> _WORK REQUIRED_:
Please copy every record below exactly, but leave the pictures out.

Collected data
━━━━━━━━━━━━━━━━━━━━
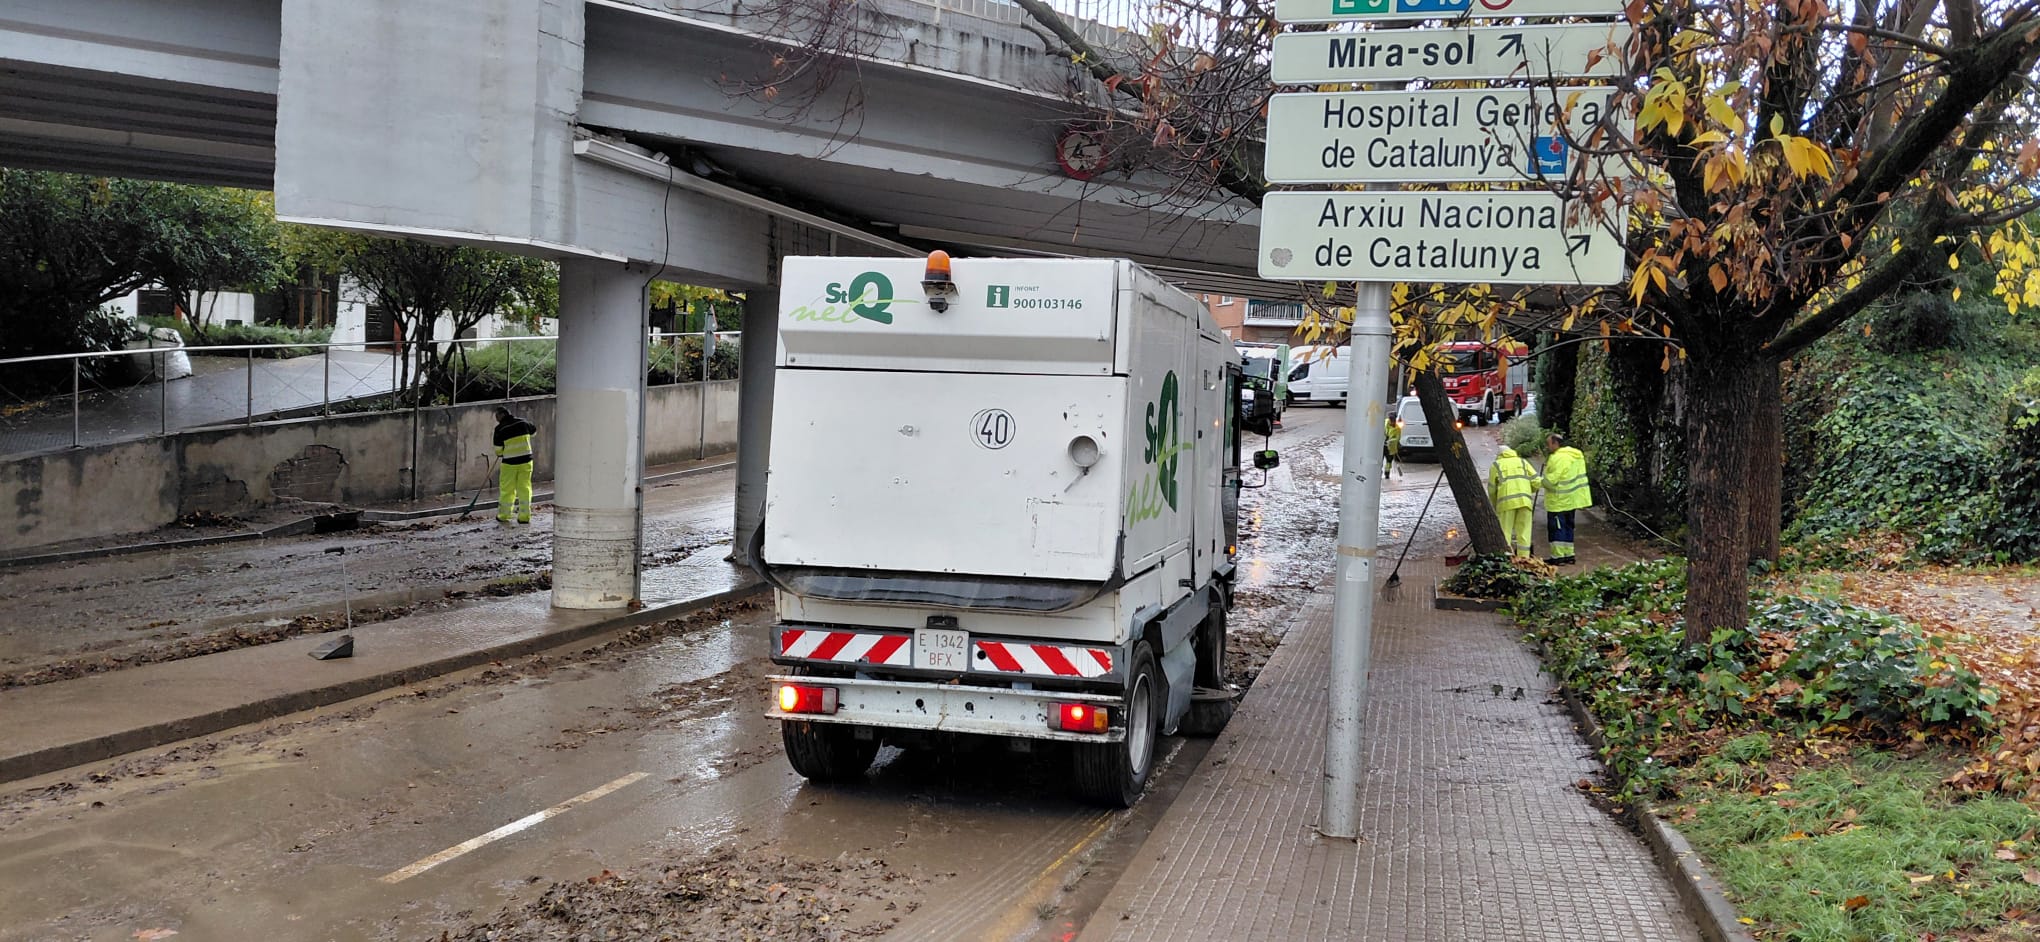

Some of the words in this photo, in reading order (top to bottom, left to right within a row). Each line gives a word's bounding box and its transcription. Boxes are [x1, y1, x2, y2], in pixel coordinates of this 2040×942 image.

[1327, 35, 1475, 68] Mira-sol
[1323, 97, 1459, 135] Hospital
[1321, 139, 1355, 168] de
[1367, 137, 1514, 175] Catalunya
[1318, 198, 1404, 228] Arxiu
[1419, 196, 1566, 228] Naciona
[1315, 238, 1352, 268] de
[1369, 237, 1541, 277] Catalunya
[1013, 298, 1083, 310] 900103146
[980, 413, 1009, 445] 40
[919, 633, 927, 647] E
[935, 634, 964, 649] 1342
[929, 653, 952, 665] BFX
━━━━━━━━━━━━━━━━━━━━
> _EXPECTED ANSWER_:
Some of the words in this photo, in reading order (top to bottom, left to right within a row). Each line gives a word's bounding box and its transcription. Boxes are [x1, y1, x2, y2], in pixel coordinates of this 2040×942 image.

[1327, 35, 1475, 68] Mira-sol
[1323, 97, 1459, 135] Hospital
[1321, 139, 1355, 168] de
[1367, 137, 1514, 175] Catalunya
[1318, 198, 1404, 228] Arxiu
[1419, 196, 1566, 228] Naciona
[1315, 238, 1352, 268] de
[1369, 237, 1541, 277] Catalunya
[1013, 298, 1083, 310] 900103146
[980, 413, 1009, 445] 40
[919, 633, 927, 647] E
[935, 634, 964, 649] 1342
[929, 653, 952, 665] BFX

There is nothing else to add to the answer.